[Data items]
[Start of section]

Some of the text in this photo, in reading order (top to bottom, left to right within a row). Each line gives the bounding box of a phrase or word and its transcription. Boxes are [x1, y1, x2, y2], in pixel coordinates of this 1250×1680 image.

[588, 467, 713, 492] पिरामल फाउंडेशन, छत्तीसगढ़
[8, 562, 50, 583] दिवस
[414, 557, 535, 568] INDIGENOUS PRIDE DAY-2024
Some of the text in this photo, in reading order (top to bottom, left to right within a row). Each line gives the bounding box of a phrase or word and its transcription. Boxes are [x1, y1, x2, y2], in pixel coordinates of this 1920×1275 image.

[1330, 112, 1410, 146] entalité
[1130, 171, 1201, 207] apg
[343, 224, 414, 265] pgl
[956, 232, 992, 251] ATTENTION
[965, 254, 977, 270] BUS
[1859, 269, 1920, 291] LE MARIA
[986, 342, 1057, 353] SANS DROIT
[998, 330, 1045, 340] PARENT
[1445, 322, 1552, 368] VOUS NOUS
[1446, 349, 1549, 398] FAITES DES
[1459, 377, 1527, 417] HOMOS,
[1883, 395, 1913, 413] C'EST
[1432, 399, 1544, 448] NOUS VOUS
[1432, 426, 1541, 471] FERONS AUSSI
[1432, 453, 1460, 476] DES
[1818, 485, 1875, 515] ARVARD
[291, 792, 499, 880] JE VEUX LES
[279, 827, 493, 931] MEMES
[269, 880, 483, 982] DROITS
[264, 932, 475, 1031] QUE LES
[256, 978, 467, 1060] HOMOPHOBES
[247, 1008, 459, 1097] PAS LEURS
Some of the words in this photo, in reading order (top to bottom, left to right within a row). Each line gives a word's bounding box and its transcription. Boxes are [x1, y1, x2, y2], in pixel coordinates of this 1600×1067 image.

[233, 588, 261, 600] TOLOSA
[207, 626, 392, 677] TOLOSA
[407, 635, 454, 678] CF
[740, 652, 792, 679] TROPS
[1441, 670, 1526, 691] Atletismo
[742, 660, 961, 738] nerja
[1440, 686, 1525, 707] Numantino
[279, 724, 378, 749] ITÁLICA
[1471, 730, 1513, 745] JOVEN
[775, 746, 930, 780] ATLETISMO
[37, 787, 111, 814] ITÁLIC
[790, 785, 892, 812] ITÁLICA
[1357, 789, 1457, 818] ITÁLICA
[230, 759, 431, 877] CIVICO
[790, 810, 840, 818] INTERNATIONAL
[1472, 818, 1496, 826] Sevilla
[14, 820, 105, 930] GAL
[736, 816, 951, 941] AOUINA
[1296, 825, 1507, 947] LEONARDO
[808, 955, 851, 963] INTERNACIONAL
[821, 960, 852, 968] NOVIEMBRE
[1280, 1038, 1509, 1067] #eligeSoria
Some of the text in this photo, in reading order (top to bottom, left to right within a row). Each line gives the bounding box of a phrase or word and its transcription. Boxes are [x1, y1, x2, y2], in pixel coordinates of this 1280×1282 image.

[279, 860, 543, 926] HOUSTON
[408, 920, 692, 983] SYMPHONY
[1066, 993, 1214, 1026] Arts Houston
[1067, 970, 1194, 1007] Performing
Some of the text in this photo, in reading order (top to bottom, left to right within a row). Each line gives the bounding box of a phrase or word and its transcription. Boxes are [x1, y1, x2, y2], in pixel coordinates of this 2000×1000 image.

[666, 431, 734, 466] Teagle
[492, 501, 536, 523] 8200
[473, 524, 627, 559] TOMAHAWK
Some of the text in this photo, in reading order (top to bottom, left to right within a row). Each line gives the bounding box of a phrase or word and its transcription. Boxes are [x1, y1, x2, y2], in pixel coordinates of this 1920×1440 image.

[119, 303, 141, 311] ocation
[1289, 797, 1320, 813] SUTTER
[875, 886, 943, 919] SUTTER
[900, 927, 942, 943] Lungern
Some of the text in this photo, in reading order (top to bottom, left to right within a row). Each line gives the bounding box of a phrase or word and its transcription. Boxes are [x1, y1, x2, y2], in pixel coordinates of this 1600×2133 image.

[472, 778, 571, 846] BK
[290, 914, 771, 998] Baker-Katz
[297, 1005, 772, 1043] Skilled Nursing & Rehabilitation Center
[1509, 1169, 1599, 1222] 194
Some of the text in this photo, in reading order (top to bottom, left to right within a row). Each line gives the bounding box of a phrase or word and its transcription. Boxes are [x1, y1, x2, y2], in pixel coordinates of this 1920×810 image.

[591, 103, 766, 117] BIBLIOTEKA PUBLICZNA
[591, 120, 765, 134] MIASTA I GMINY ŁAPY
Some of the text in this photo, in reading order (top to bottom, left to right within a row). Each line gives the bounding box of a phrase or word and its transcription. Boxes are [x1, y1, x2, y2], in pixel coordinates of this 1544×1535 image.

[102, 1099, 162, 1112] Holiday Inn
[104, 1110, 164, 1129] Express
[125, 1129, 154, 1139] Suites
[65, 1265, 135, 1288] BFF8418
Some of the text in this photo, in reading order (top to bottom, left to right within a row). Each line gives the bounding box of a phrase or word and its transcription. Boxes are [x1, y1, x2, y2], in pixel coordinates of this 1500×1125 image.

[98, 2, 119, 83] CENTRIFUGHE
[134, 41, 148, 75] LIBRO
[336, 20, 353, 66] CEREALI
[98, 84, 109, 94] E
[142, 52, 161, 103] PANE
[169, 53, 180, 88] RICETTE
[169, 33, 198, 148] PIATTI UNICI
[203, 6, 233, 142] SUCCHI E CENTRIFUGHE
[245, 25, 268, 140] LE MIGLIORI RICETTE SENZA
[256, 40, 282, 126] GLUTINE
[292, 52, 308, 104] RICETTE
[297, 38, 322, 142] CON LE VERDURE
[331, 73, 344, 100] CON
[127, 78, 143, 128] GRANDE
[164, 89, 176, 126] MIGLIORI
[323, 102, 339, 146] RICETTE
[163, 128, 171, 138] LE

[End of section]

* **What the exercise asks**:
Word for word, restate the lines running from the one containing "this 1544×1535 image." through the final line of the records above, and nothing besides.

* **Your solution**:
Some of the text in this photo, in reading order (top to bottom, left to right within a row). Each line gives the bounding box of a phrase or word and its transcription. Boxes are [x1, y1, x2, y2], in pixel coordinates of this 1544×1535 image.

[102, 1099, 162, 1112] Holiday Inn
[104, 1110, 164, 1129] Express
[125, 1129, 154, 1139] Suites
[65, 1265, 135, 1288] BFF8418
Some of the text in this photo, in reading order (top to bottom, left to right within a row). Each line gives the bounding box of a phrase or word and its transcription. Boxes are [x1, y1, x2, y2], in pixel coordinates of this 1500×1125 image.

[98, 2, 119, 83] CENTRIFUGHE
[134, 41, 148, 75] LIBRO
[336, 20, 353, 66] CEREALI
[98, 84, 109, 94] E
[142, 52, 161, 103] PANE
[169, 53, 180, 88] RICETTE
[169, 33, 198, 148] PIATTI UNICI
[203, 6, 233, 142] SUCCHI E CENTRIFUGHE
[245, 25, 268, 140] LE MIGLIORI RICETTE SENZA
[256, 40, 282, 126] GLUTINE
[292, 52, 308, 104] RICETTE
[297, 38, 322, 142] CON LE VERDURE
[331, 73, 344, 100] CON
[127, 78, 143, 128] GRANDE
[164, 89, 176, 126] MIGLIORI
[323, 102, 339, 146] RICETTE
[163, 128, 171, 138] LE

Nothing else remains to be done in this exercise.